The free energies are summarised below. Key points include:

  1. The overall free energy of deprotection is appropriately exo-energic.
  2. The highest energy barrier is actually for pseudo-rotation! This suggests that tuning the deprotection with alternative alkyl or aryl groups on the silicon may be a matter of controlling the Berry pseudorotation process.
  3. TS1-3 proceed with the attacking and leaving groups in close proximity (the angle between an axial and an equatorial group is ~90° of course, whereas for a di-axial relationship (the inversion of the SN2 mechanism) it is instead 180°. This close proximity of nucleophile and nucleofuge minimises the required reorganisation of the ammonium counter-ion in the ion-pairs, and possibly also the dipole moments induced by the reactions, the changes of which for the three reactions are shown below:

  4. The 5-coordinate intermediate where both F and O are axial is in fact significantly lower in energy (a cooperative effect) than when only one of them is axial, which matches the orientations identified above in the 55 crystal structures. For a substitution to occur, the cooperative strengthening of the Si-O and Si-F bonds must be removed; hence the retention of configuration.
System Relative free energy DataDOI
Reactants 0.0 [8]
TS1 7.9 [1]
Int F(ax), O(eq) 5.1 [9]
TS2 10.2 (9.2)* [4]
Int F(eq), O(ax) 5.1 [10]
TS3 5.2 [6]
Products -4.0 [11]
Int F,O(ax) -2.5 [12]

*A lower energy orientation of the ion-pair has subsequently been found.[13]

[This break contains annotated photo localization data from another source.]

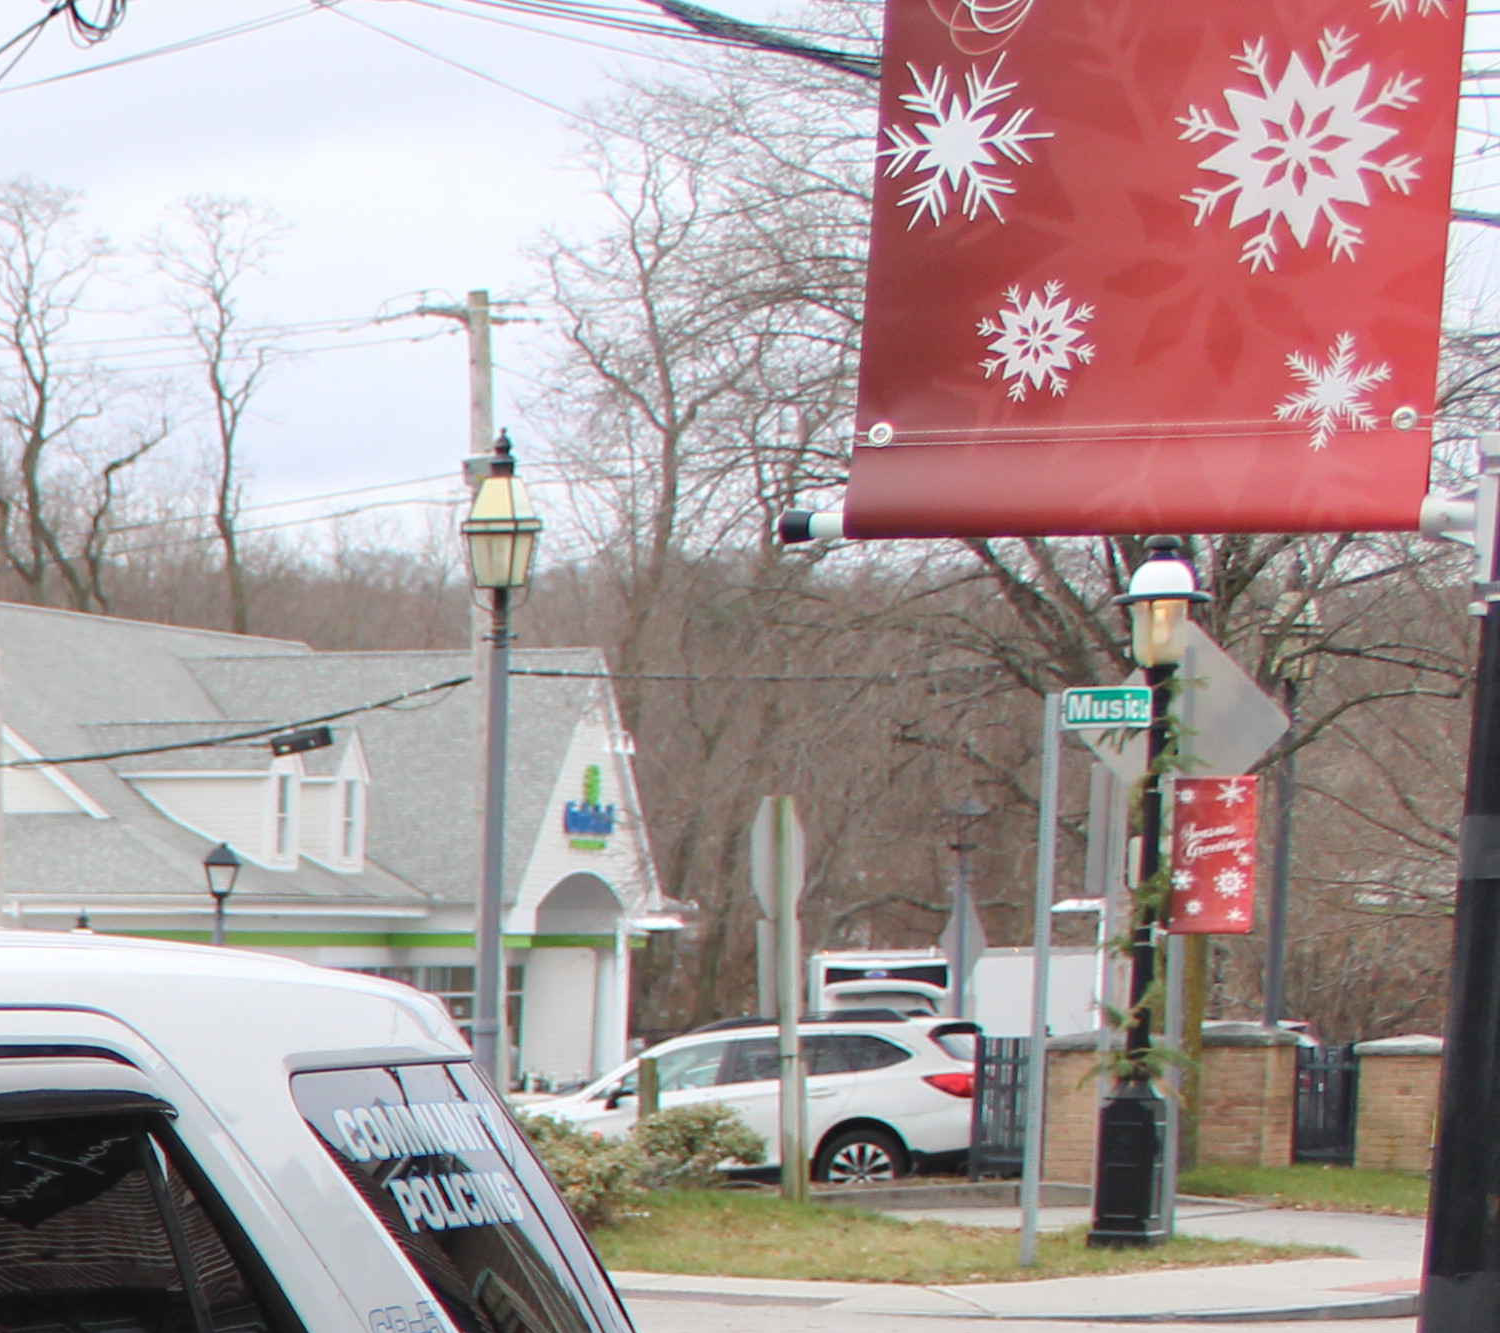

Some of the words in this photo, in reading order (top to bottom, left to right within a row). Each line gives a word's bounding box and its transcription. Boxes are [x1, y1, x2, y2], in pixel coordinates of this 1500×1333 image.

[1067, 693, 1138, 719] Music
[333, 1102, 507, 1163] COMMUNITY
[389, 1171, 524, 1235] POLICING
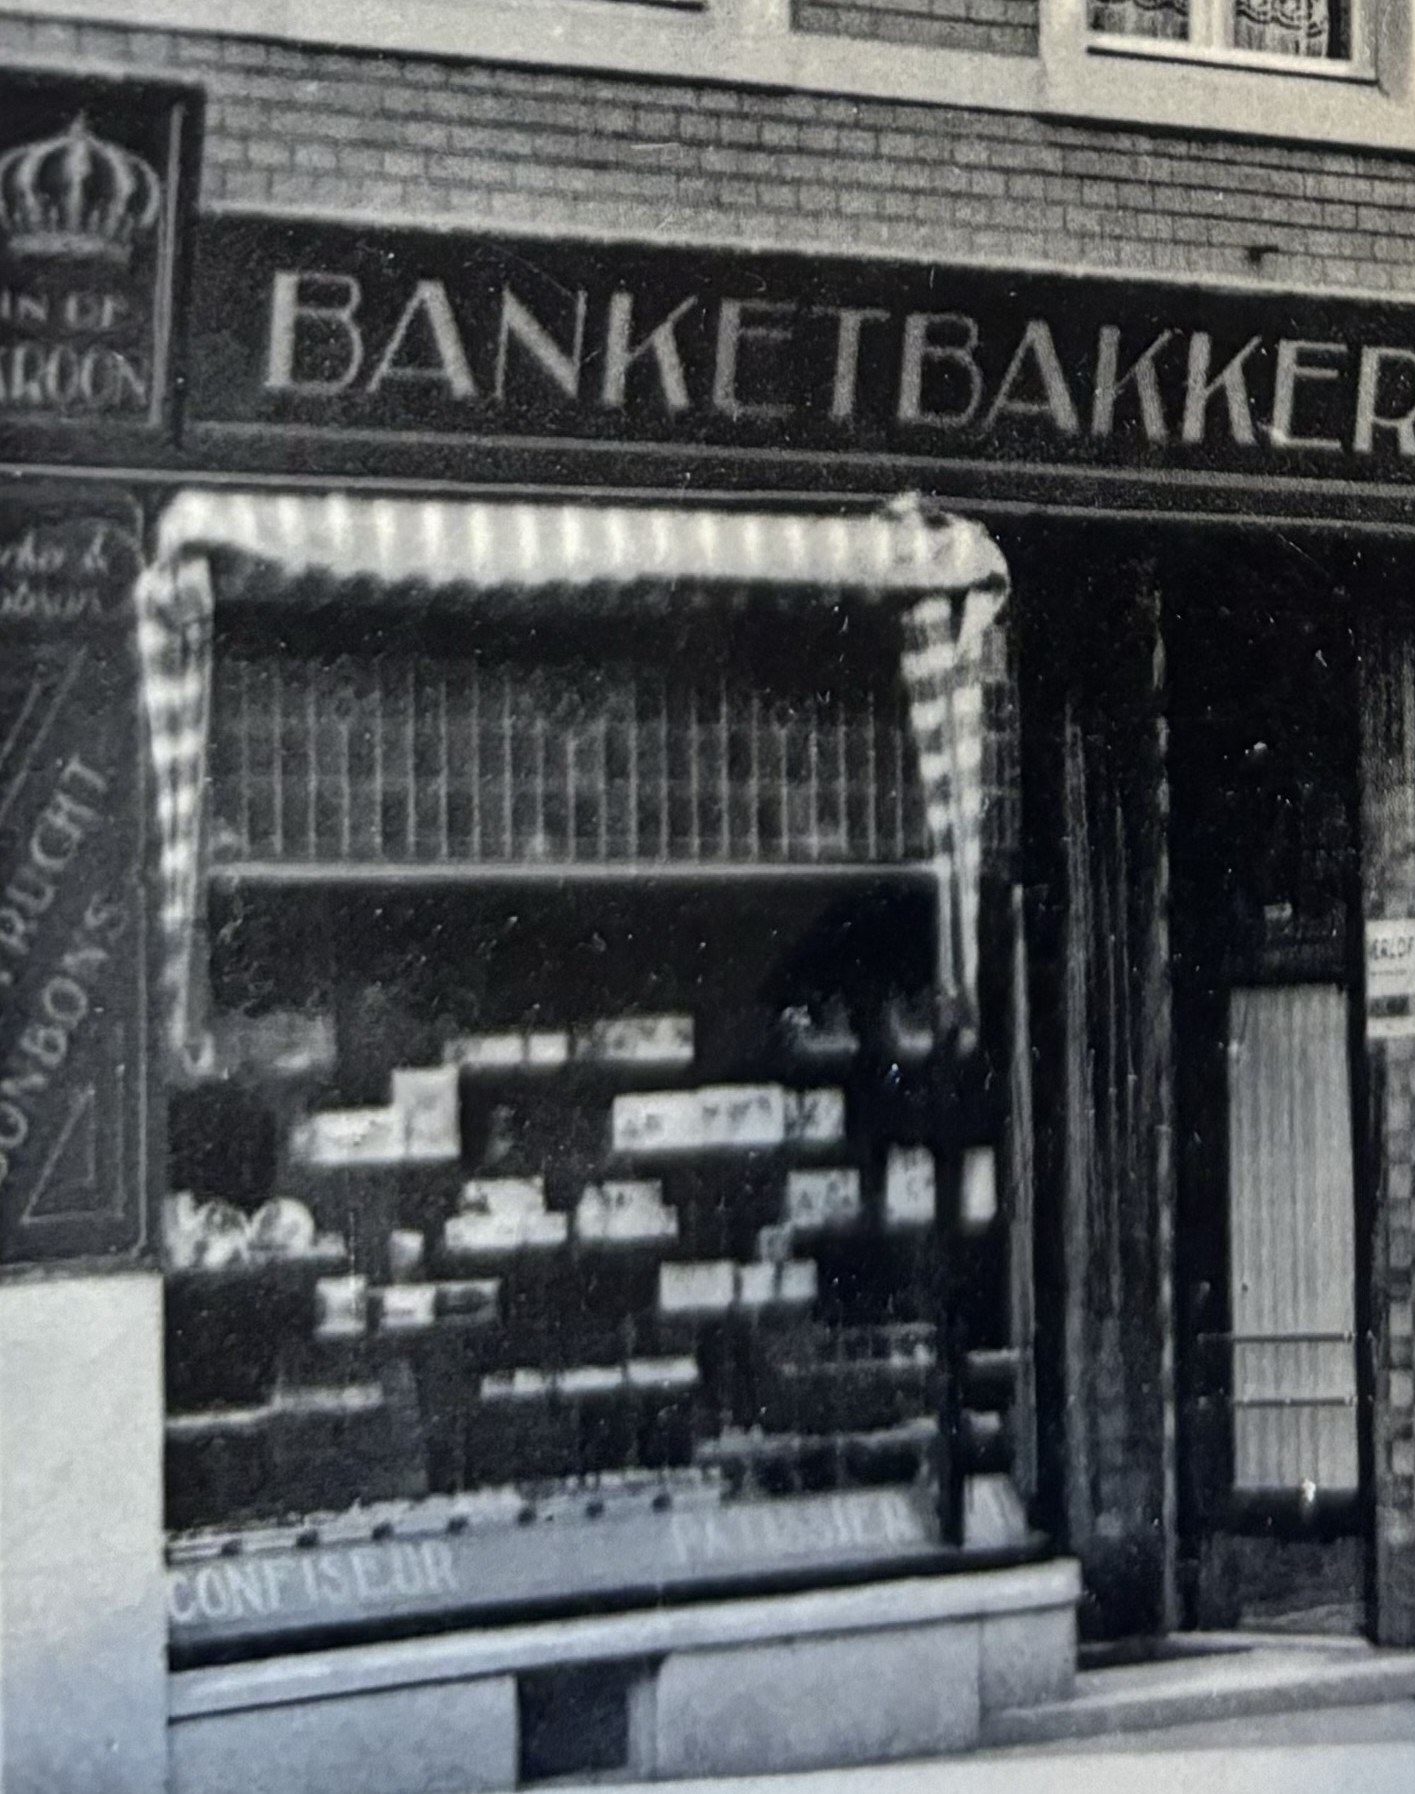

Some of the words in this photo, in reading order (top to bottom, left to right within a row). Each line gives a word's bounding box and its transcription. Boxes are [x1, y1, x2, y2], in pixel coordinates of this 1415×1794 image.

[0, 345, 148, 405] ROON
[0, 890, 132, 1185] ONBONS
[167, 1540, 458, 1623] CONFISEUR

This analysis shows just how different the carbon and the silicon substitution reactions are and how it is the pseudorotation interconverting two 5-coordinate intermediates that appears to be a key step. But questions remain unanswered. What is the energy of the pseudorotation interconverting an intermediate with ax/eq electronegative groups to one with di-axial electronegative groups? Are there transition states starting from the diaxial intermediate and resulting in elimination, and if so what are their relative energies? I leave answers to a follow up post. 

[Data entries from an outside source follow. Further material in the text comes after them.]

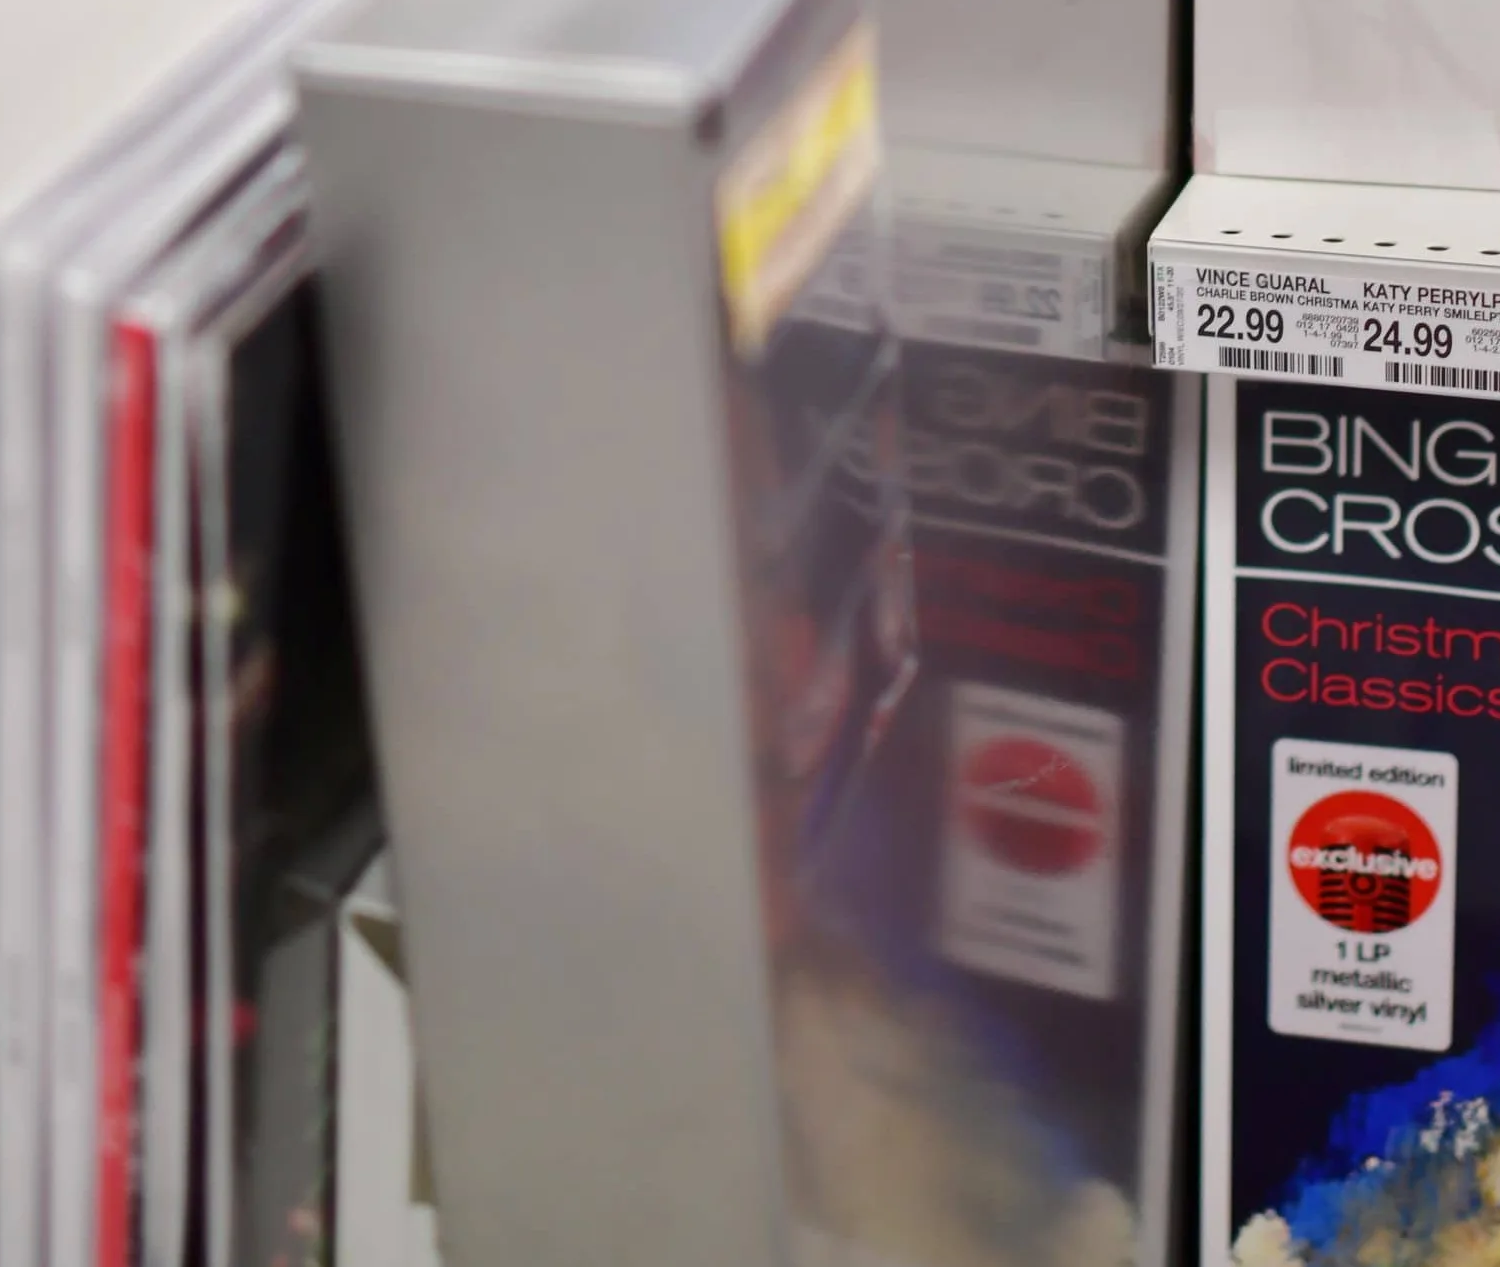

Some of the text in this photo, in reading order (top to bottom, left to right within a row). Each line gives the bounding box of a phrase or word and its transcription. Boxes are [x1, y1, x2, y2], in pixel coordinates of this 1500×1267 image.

[1196, 268, 1330, 294] VINCE GUARAL
[1363, 282, 1411, 301] KATY
[1196, 286, 1359, 310] CHARLIE BROWN CHRISTMA
[1363, 300, 1395, 314] KATY
[1399, 304, 1440, 318] PERRY
[1197, 303, 1284, 344] 22.99
[1363, 317, 1453, 359] 24.99
[1262, 411, 1497, 487] BING
[1287, 756, 1445, 788] limited edition
[1290, 843, 1439, 881] exclusive
[1336, 940, 1390, 963] 1 LP
[1311, 967, 1413, 993] metallic
[1296, 992, 1428, 1025] silver vinyl

  1. Henry Rzepa., "trimethyl silyl enol + Me4N(+).F(-) 5-coordinate intermediate F axial TS", 2016.
  2. Henry Rzepa., "trimethyl silyl enol + Me4N(+).F(-) 5-coordinate intermediate F axial TS IRC", 2016.
  3. L. Wozniak, M. Cypryk, J. Chojnowski, and G. Lanneau, "Optically active silyl esters of phosphorus. II. Stereochemistry of reactions with nucleophiles", Tetrahedron, vol. 45, pp. 4403-4414, 1989.
  4. Henry Rzepa., "trimethyl silyl enol + Me4N(+).F(-) 5-coordinate intermediate Berry pseudorotation TS", 2016.
  5. Henry Rzepa., "trimethyl silyl enol + Me4N(+).F(-) 5-coordinate intermediate Berry pseudorotation TS IRC", 2016.
  6. Henry Rzepa., "trimethyl silyl enol + Me4N(+).F(-) TS", 2016.
  7. Henry Rzepa., "trimethyl silyl enol + Me4N(+).F(-) TS IRC", 2016.
  8. Henry Rzepa., "enol + Me4N(+).F(-) Reactant", 2016.
  9. Henry Rzepa., "enol + Me4N(+).F(-) 5-coordinate intermediate F axial", 2016.
  10. Henry Rzepa., "trimethyl silyl enol + Me4N(+).F(-) 5-coordinate intermediate", 2016.
  11. Henry Rzepa., "enol + Me4N(+).F(-) Product", 2016.
  12. Henry Rzepa., "trimethyl silyl enol + Me4N(+).F(-) 5-coordinate intermediate F/O axial", 2016.
  13. Henry Rzepa., "5-coordinate intermediate Berry pseudorotation TS2 New conf?", 2016.